**GIVEN RECORDS:**

● ● ● ● ● ● ●

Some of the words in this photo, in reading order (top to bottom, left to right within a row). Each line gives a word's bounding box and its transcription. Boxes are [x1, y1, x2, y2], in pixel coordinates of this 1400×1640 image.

● ● ● ● ● ● ●

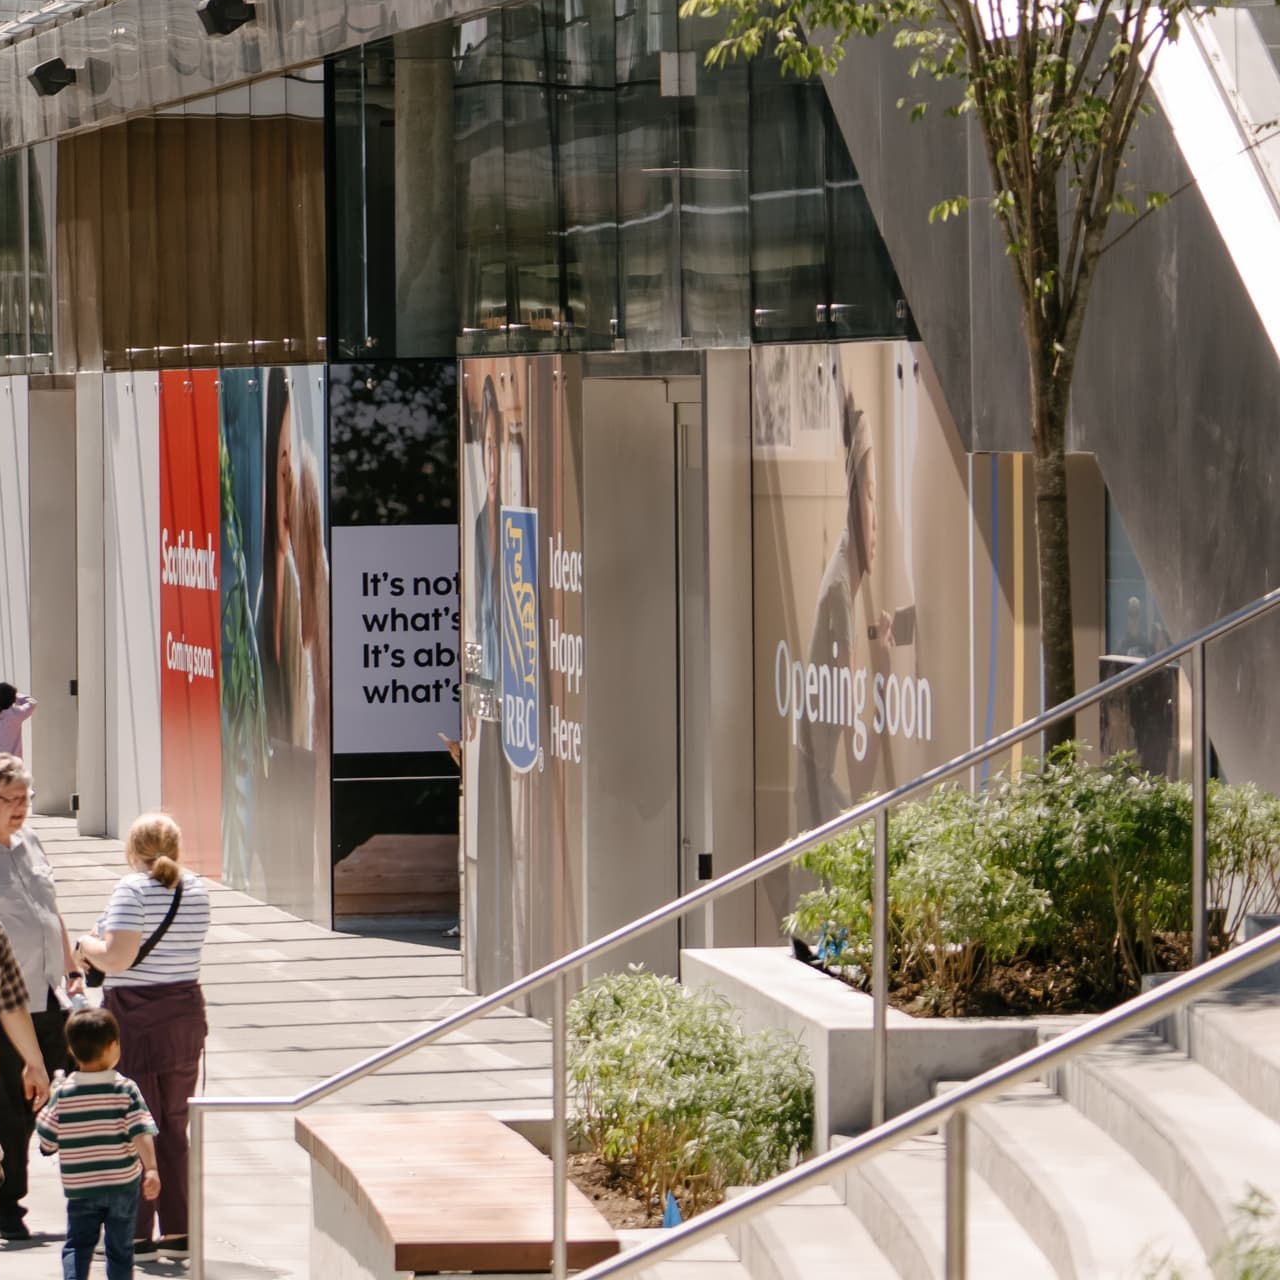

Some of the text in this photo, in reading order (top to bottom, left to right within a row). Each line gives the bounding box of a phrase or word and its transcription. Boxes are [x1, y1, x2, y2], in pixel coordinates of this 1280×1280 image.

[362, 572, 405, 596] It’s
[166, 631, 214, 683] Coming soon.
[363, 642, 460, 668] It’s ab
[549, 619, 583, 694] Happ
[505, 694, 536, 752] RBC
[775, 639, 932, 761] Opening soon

● ● ● ● ● ● ●

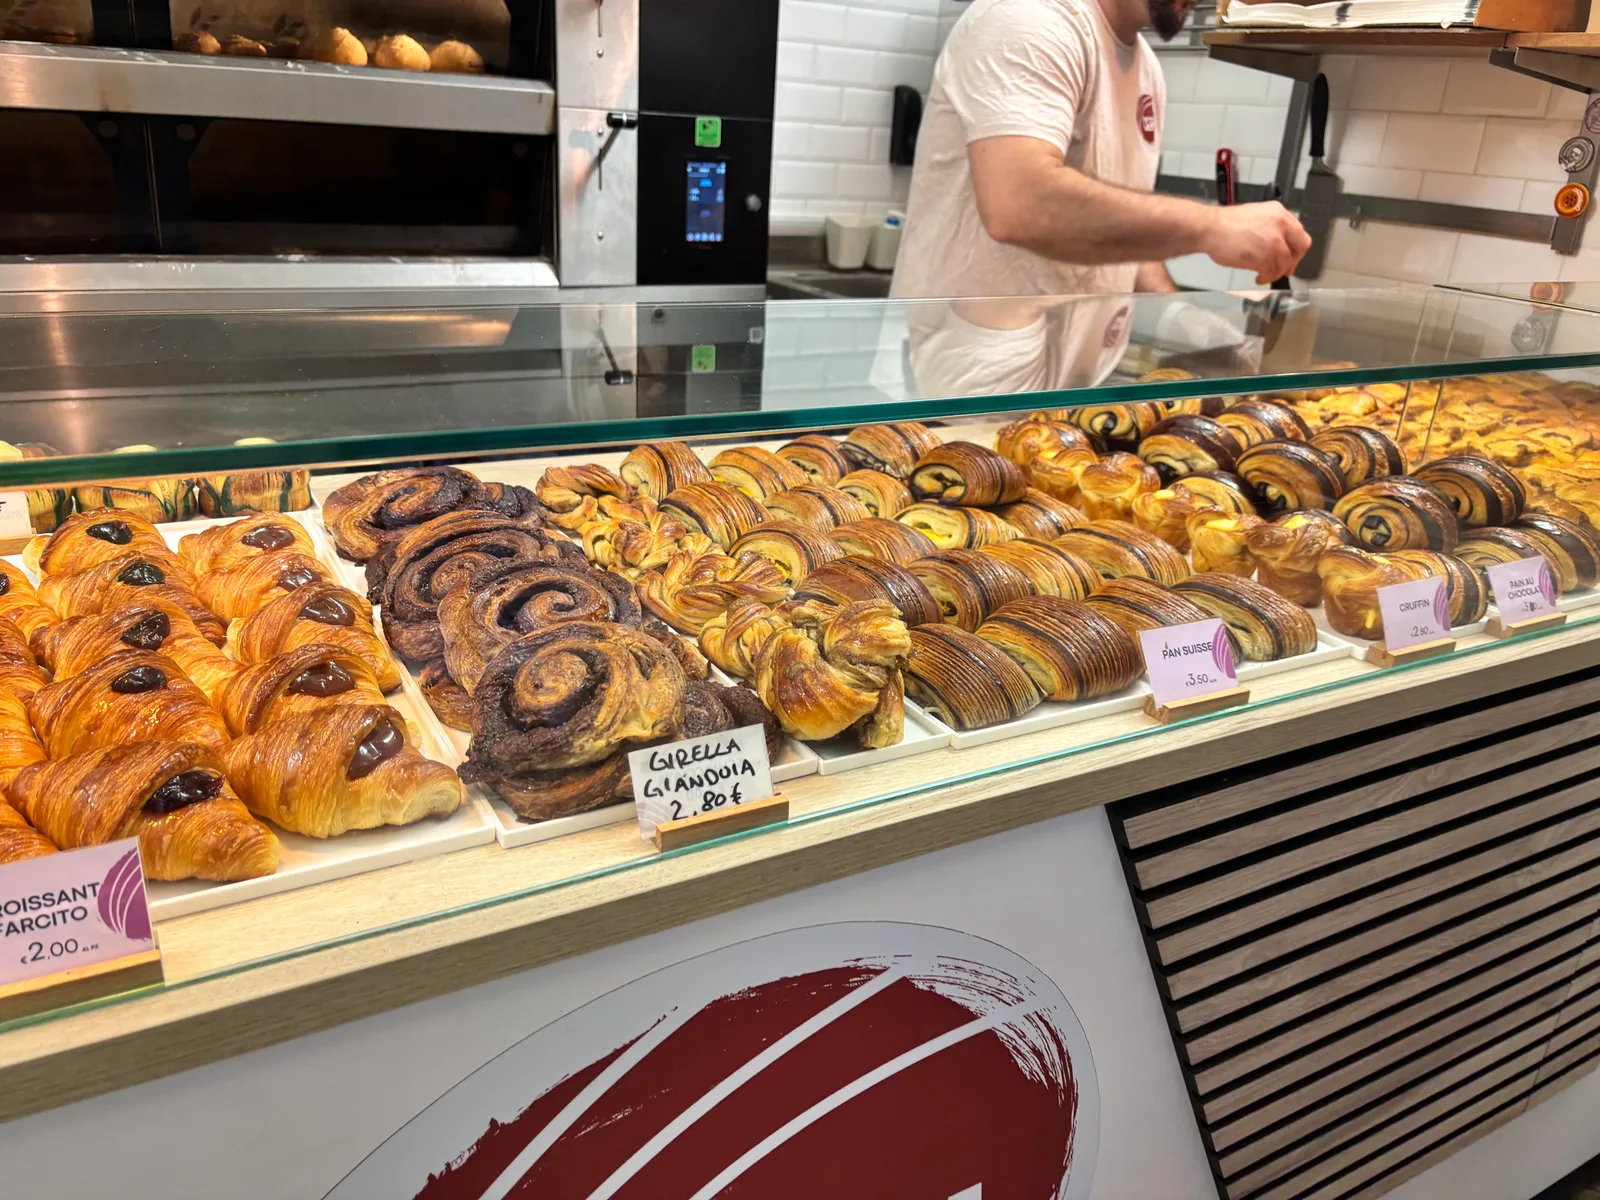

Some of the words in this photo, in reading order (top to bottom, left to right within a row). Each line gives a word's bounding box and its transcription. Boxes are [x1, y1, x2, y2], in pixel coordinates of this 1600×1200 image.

● ● ● ● ● ● ●

**YOUR OBJECTIVE:** Your reply is one number: how many lines of the records above contain the word "words".

**RESPONSE FOR THIS EXERCISE:** 2